Every line from the one containing "this 1536×2048 image." through the end of the data is to be copied exactly, and nothing outside that range.

| EXTRACTED DATA |
BEGIN

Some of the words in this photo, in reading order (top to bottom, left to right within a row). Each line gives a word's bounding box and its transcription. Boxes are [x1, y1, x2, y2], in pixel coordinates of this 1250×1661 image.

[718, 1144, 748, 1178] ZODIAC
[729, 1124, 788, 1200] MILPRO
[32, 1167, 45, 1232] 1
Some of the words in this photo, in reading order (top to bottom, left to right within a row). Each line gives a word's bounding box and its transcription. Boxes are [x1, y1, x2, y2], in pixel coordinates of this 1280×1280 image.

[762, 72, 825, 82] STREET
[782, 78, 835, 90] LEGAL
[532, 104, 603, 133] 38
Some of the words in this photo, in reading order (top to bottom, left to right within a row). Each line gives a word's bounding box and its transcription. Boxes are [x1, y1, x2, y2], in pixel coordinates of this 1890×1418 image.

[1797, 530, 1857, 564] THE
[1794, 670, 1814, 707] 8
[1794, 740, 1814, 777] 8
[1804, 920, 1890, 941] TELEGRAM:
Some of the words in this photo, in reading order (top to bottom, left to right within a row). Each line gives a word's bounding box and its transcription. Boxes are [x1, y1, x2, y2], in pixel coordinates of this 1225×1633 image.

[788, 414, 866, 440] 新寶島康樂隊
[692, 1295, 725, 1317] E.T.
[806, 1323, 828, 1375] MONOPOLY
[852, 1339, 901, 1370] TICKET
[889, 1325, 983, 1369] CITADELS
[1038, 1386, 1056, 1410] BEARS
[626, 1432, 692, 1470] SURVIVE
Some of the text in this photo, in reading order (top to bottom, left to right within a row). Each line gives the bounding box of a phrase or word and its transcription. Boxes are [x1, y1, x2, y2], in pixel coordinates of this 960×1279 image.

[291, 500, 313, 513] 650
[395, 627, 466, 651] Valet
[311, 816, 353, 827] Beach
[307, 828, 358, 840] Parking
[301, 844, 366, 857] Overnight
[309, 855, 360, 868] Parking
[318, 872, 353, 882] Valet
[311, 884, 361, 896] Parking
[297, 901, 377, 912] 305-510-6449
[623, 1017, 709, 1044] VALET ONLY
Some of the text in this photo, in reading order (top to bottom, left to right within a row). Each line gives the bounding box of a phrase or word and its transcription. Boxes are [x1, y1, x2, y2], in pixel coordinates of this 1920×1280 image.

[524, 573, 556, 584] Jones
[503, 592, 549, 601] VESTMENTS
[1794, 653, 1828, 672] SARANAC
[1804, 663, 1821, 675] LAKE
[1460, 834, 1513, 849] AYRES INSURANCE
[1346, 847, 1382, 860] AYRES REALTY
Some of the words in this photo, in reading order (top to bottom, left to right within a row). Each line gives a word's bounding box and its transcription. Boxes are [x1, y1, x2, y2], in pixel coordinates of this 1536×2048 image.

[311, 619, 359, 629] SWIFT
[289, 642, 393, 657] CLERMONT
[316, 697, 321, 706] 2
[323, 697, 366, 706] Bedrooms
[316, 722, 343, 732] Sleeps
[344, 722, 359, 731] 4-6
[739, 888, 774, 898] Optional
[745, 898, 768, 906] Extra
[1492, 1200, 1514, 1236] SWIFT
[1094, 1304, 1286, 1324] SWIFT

END

| FINISHED EXERCISE |
Some of the words in this photo, in reading order (top to bottom, left to right within a row). Each line gives a word's bounding box and its transcription. Boxes are [x1, y1, x2, y2], in pixel coordinates of this 1536×2048 image.

[311, 619, 359, 629] SWIFT
[289, 642, 393, 657] CLERMONT
[316, 697, 321, 706] 2
[323, 697, 366, 706] Bedrooms
[316, 722, 343, 732] Sleeps
[344, 722, 359, 731] 4-6
[739, 888, 774, 898] Optional
[745, 898, 768, 906] Extra
[1492, 1200, 1514, 1236] SWIFT
[1094, 1304, 1286, 1324] SWIFT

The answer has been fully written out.